• TASK STATEMENT
All that is needed is the line in the material below containing "this 1920×1080 image.", plus every line after it, printed exactly.
════════════════════
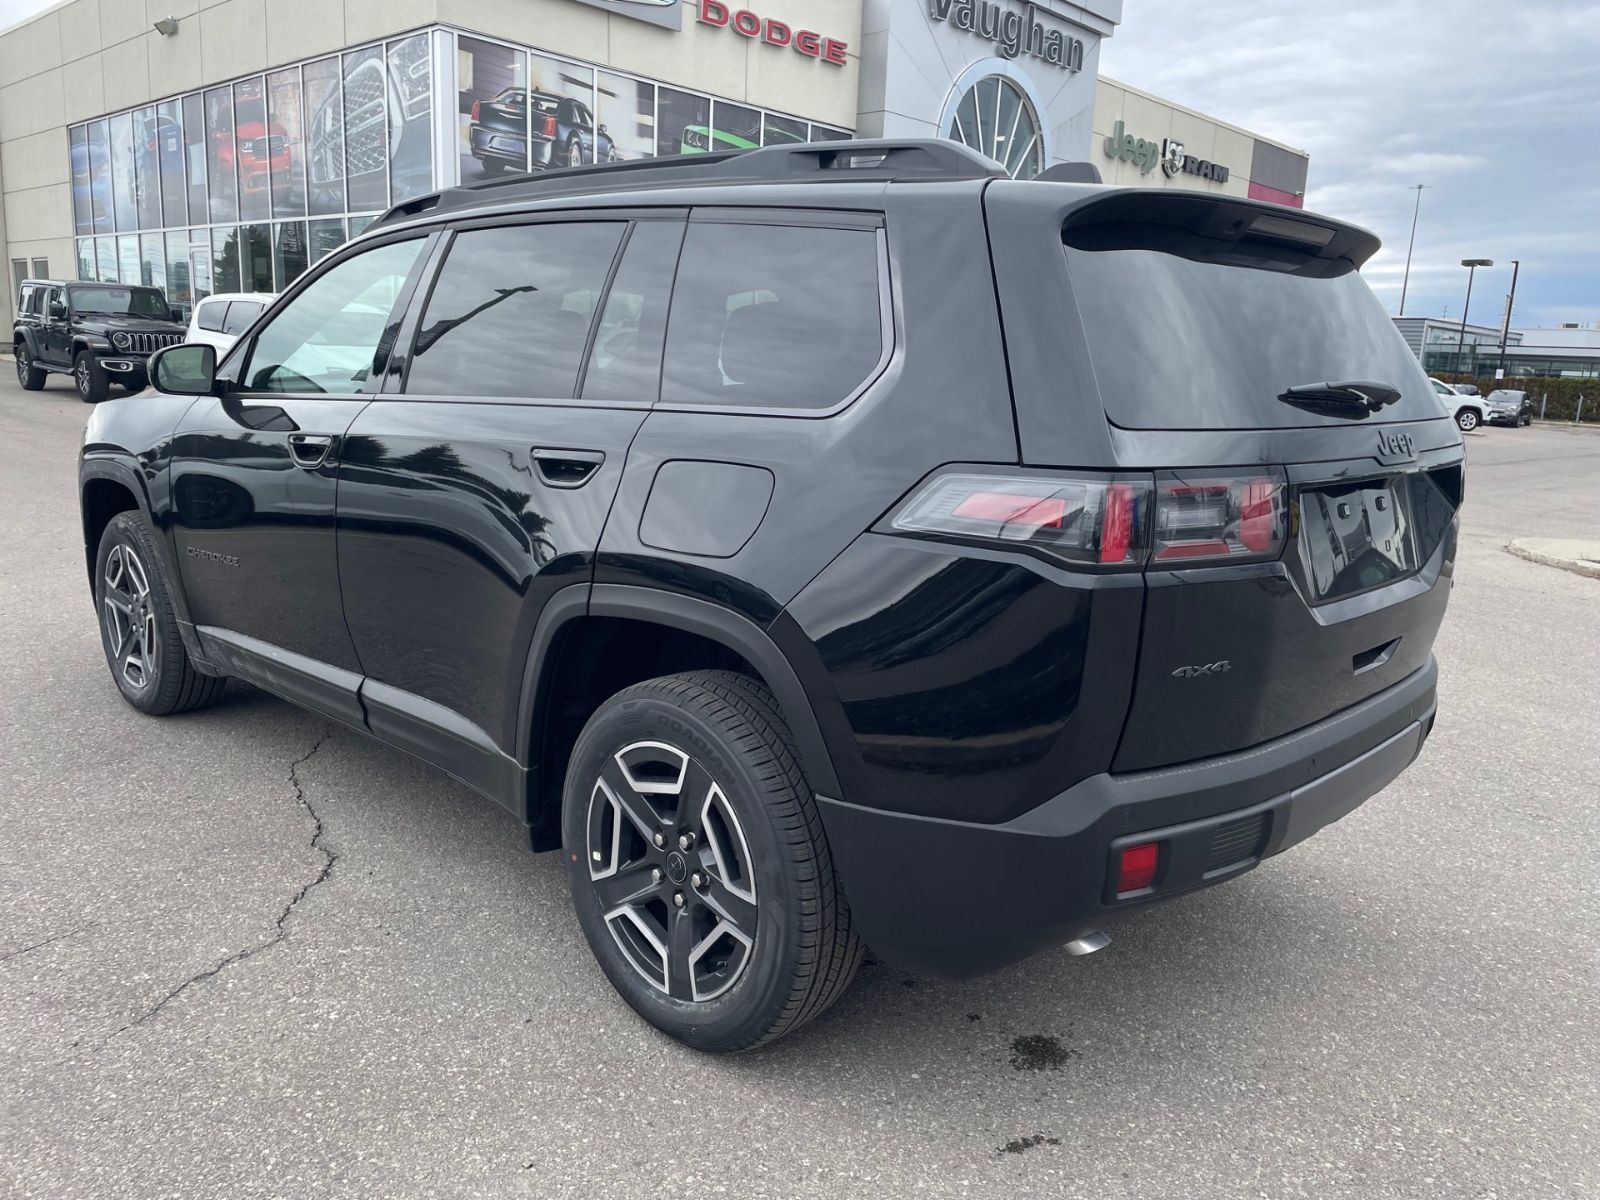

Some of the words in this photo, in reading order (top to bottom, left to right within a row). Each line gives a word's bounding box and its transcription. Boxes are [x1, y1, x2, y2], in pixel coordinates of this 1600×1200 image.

[696, 0, 848, 67] DODGE
[1104, 120, 1159, 175] Jeep
[1182, 155, 1229, 183] RAM
[1377, 430, 1414, 459] Jeep
[186, 546, 240, 568] CHEROKEE
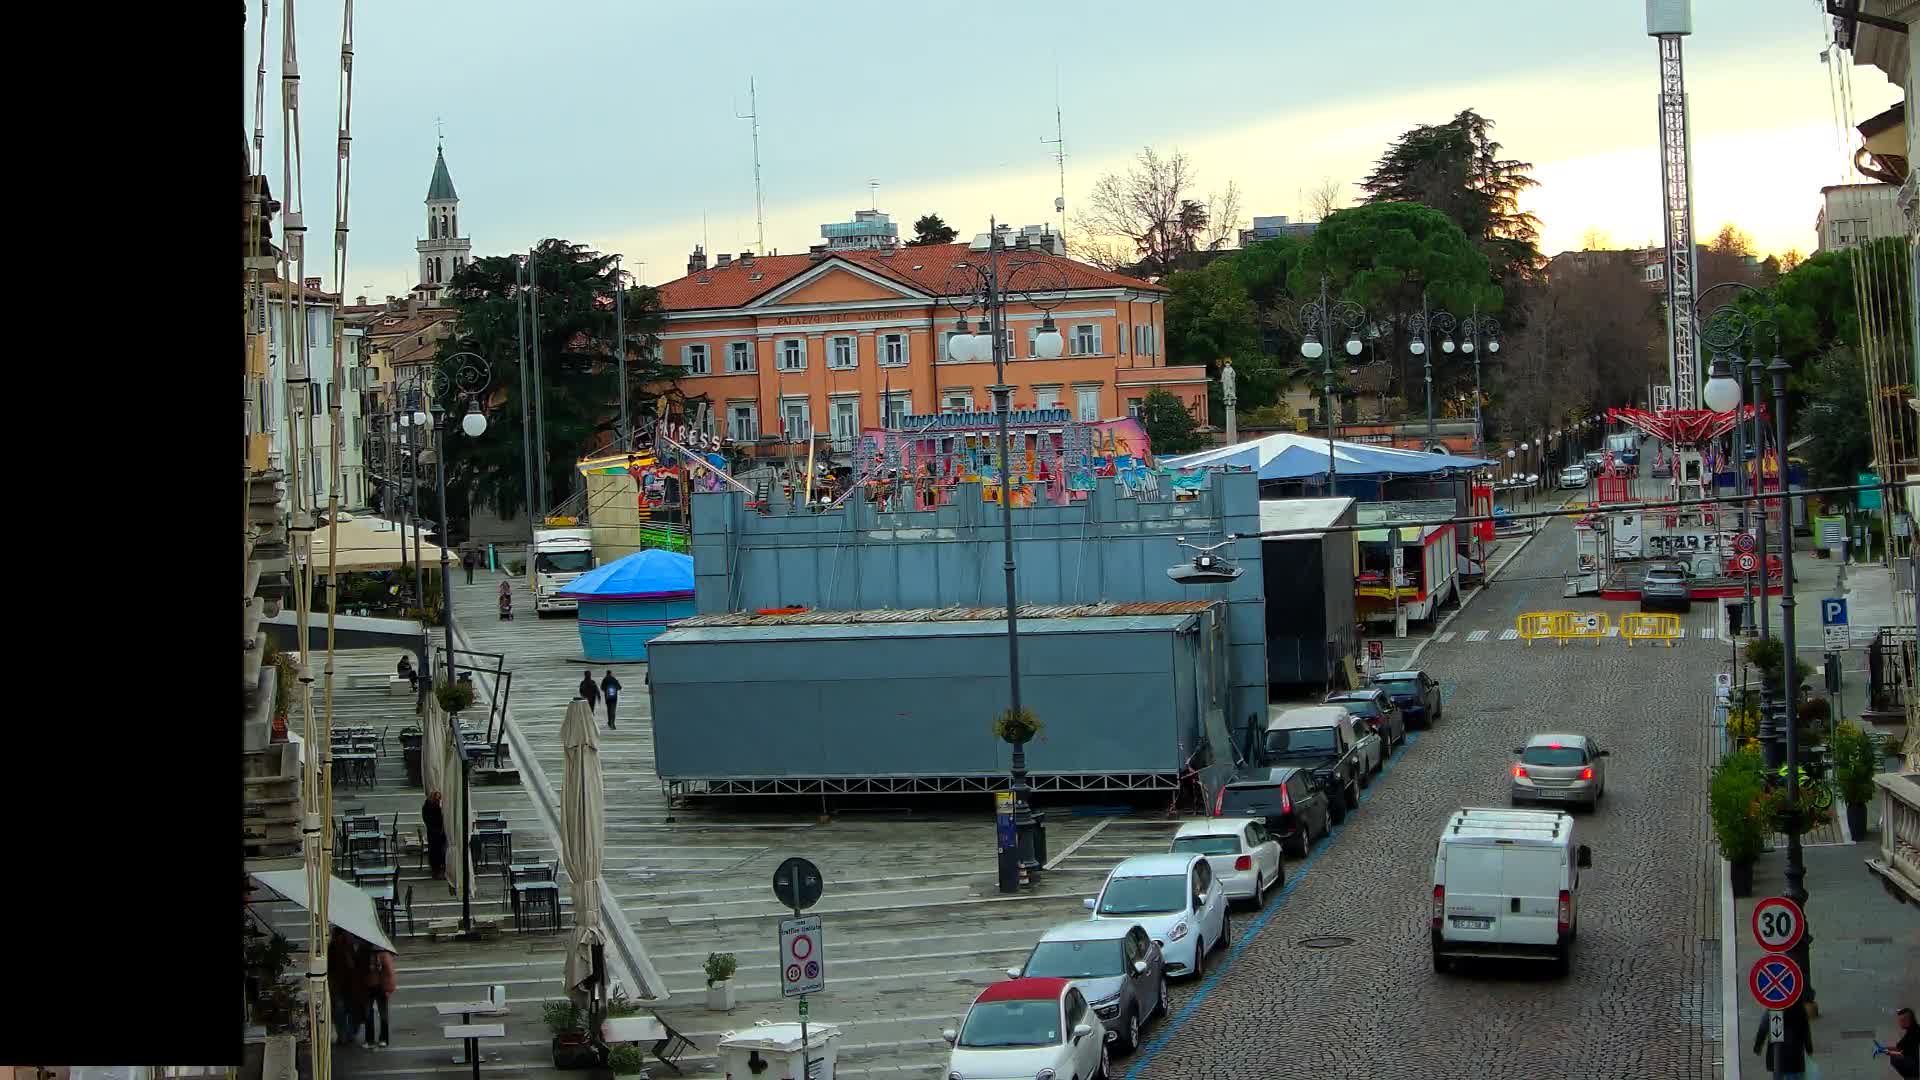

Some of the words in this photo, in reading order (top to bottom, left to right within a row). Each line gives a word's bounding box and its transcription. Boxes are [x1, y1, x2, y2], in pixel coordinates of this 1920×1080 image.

[1743, 557, 1752, 567] 20
[1827, 602, 1841, 622] P
[1762, 911, 1791, 937] 30
════════════════════
• ANSWER FOR THIS EXERCISE
Some of the words in this photo, in reading order (top to bottom, left to right within a row). Each line gives a word's bounding box and its transcription. Boxes are [x1, y1, x2, y2], in pixel coordinates of this 1920×1080 image.

[1743, 557, 1752, 567] 20
[1827, 602, 1841, 622] P
[1762, 911, 1791, 937] 30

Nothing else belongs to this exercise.